Gaussian Random Vectors

Procedure for the Experiments

This section contains three sub-experiments designed to enhance the student's understanding of Gaussian Random Variables/Vectors and their properties.

Experiment 1: 1D Gaussian PDF Visualization and Realizations

  1. Use the "Mean (μ)" and "Variance (σ²)" sliders to shape the Gaussian PDF curve.
  2. Calculate the peak height for the current variance, enter it in the input box, and click "Check Answer" to verify.
  3. Select the desired number of data points with the "Number of Samples" slider.
  4. Click "Generate Samples" to draw random realizations from your configured distribution on the chart.
  5. Observe the percentage of samples that fall within the two-sigma range ([μ - 2σ, μ + 2σ]), indicated by the green lines, and compare it to the theoretical value of 95.45%.

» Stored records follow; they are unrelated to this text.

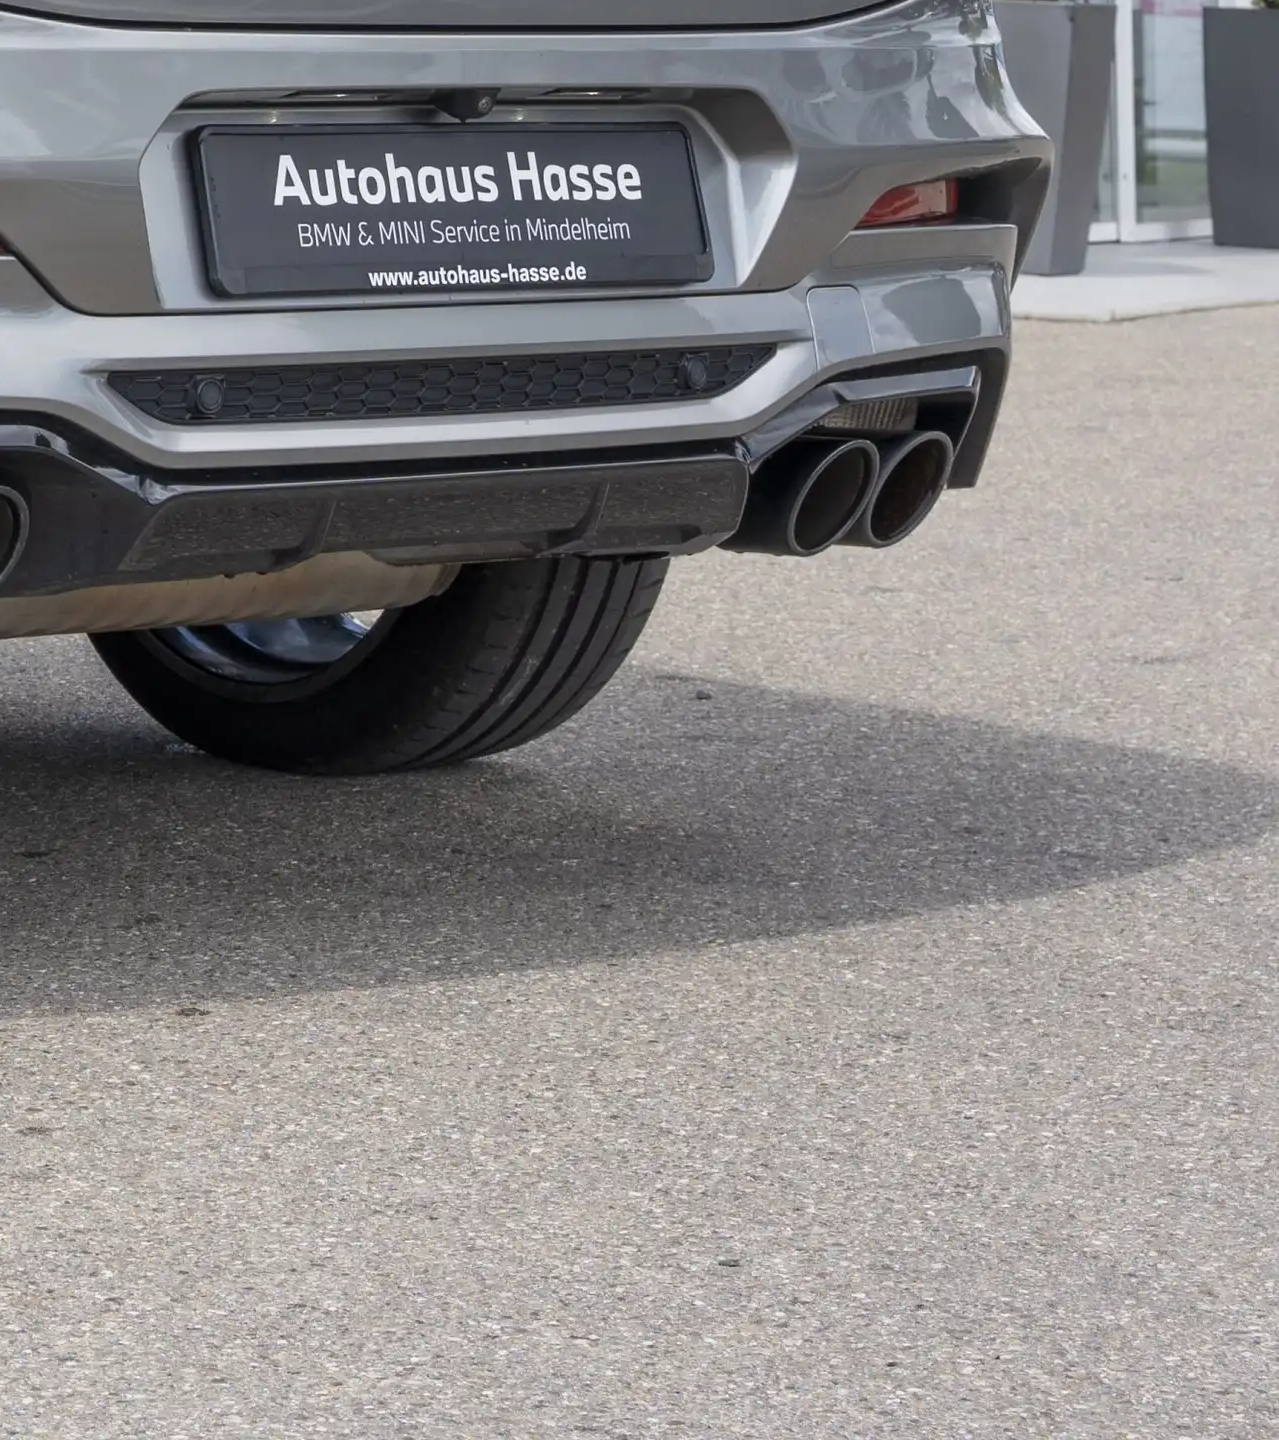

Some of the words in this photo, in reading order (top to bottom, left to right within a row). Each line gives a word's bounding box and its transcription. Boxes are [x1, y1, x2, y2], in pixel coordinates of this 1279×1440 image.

[274, 153, 499, 206] Autohaus
[507, 151, 642, 202] Hasse
[298, 222, 350, 248] BMW
[358, 221, 374, 246] &
[379, 220, 425, 245] MINI
[430, 219, 500, 244] Service
[504, 218, 522, 242] in
[526, 217, 631, 241] Mindelheim
[368, 261, 586, 287] www.autohaus-hasse.de
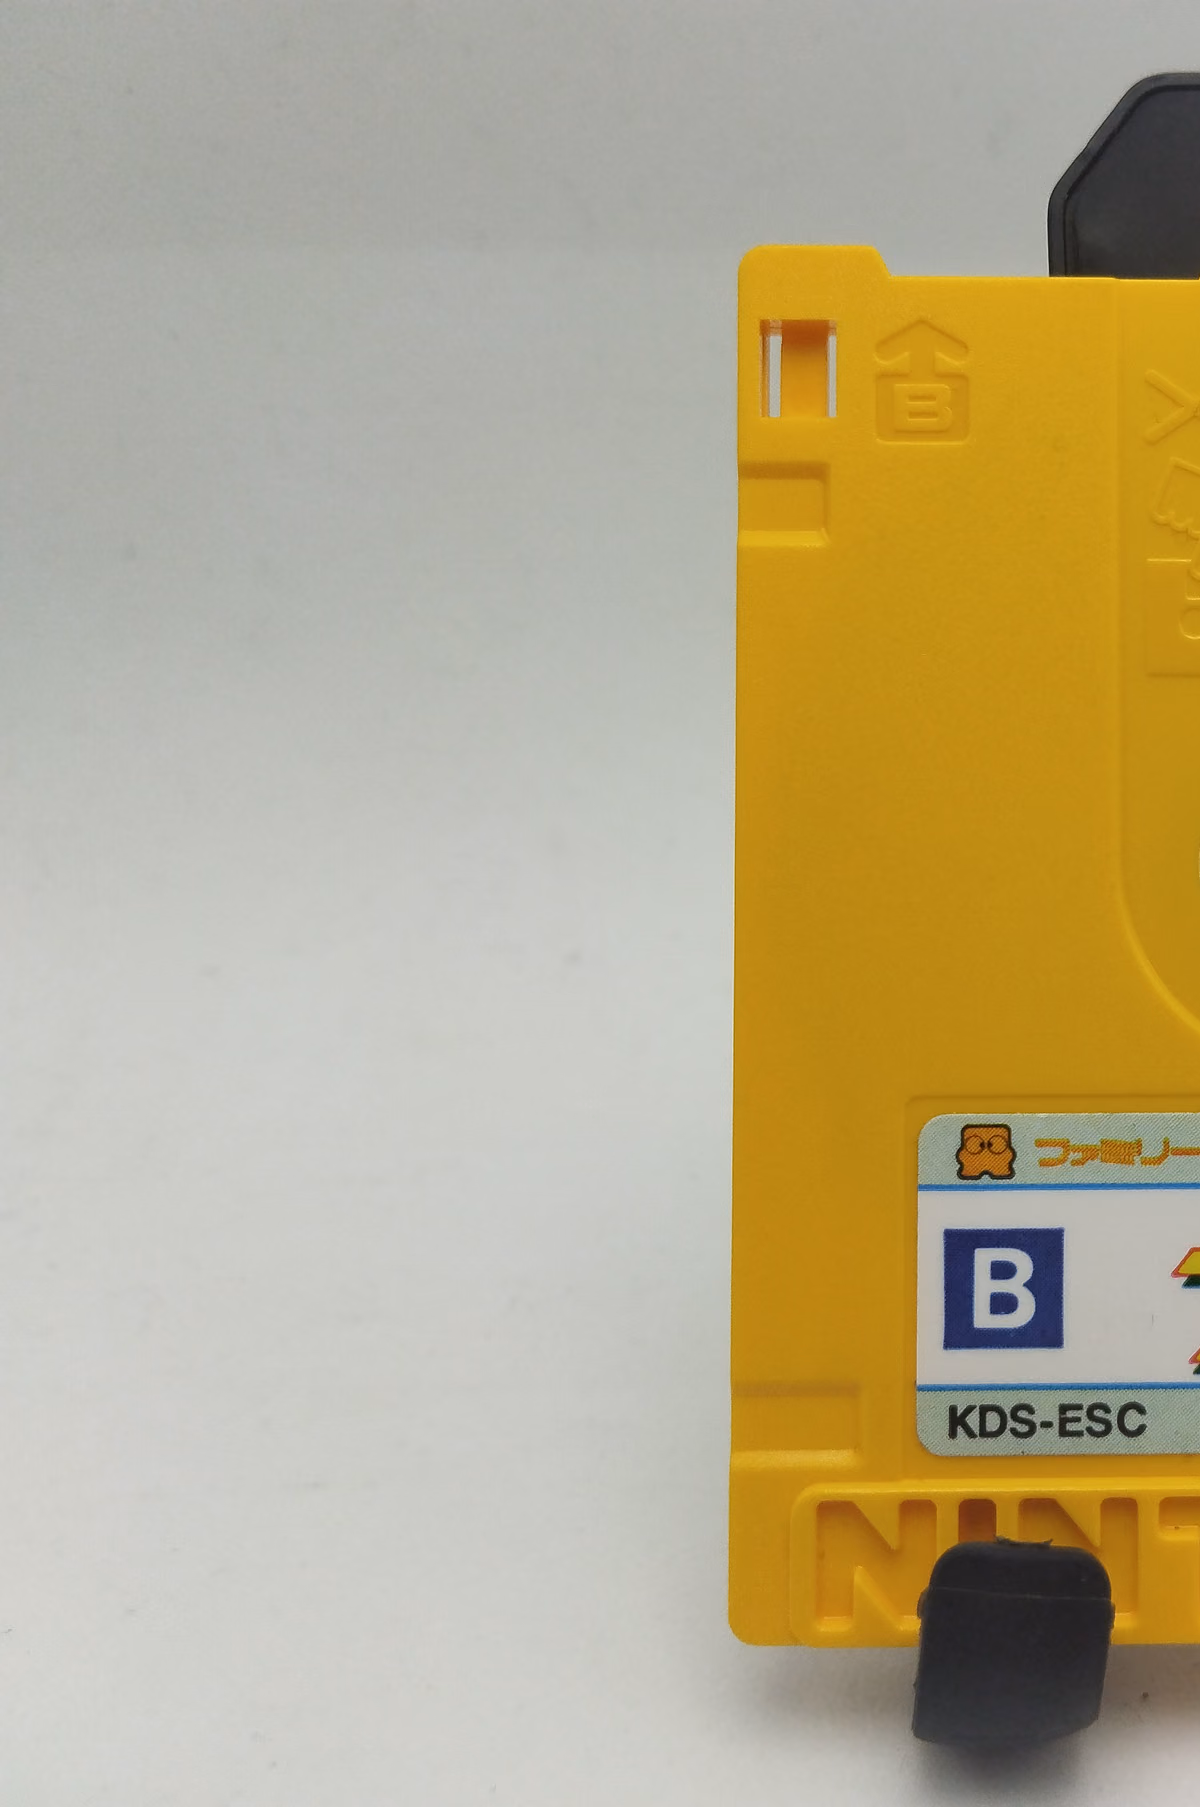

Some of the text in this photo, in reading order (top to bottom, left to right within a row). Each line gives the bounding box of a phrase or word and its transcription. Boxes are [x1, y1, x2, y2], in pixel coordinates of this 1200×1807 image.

Experiment 2: 2D Gaussian PDF Visualization

  1. Input the desired center of the distribution into the two fields of the "Mean Vector".
  2. Input the four values for the 2x2 "Covariance Matrix". Note that this matrix must be symmetric and positive-definite for a valid PDF.
  3. Click the "Update 2D Gaussian" button to render the distribution.
  4. Two plots are generated: a 3D surface plot and a 2D contour plot. The user can click and drag to rotate the 3D plot and use the scroll wheel to zoom.
  5. Observe how changing the mean vector repositions the entire distribution, while adjusting the covariance matrix values changes its shape, spread, and orientation.
  6. Any input errors or parameter observations will be displayed in the "Observations" section.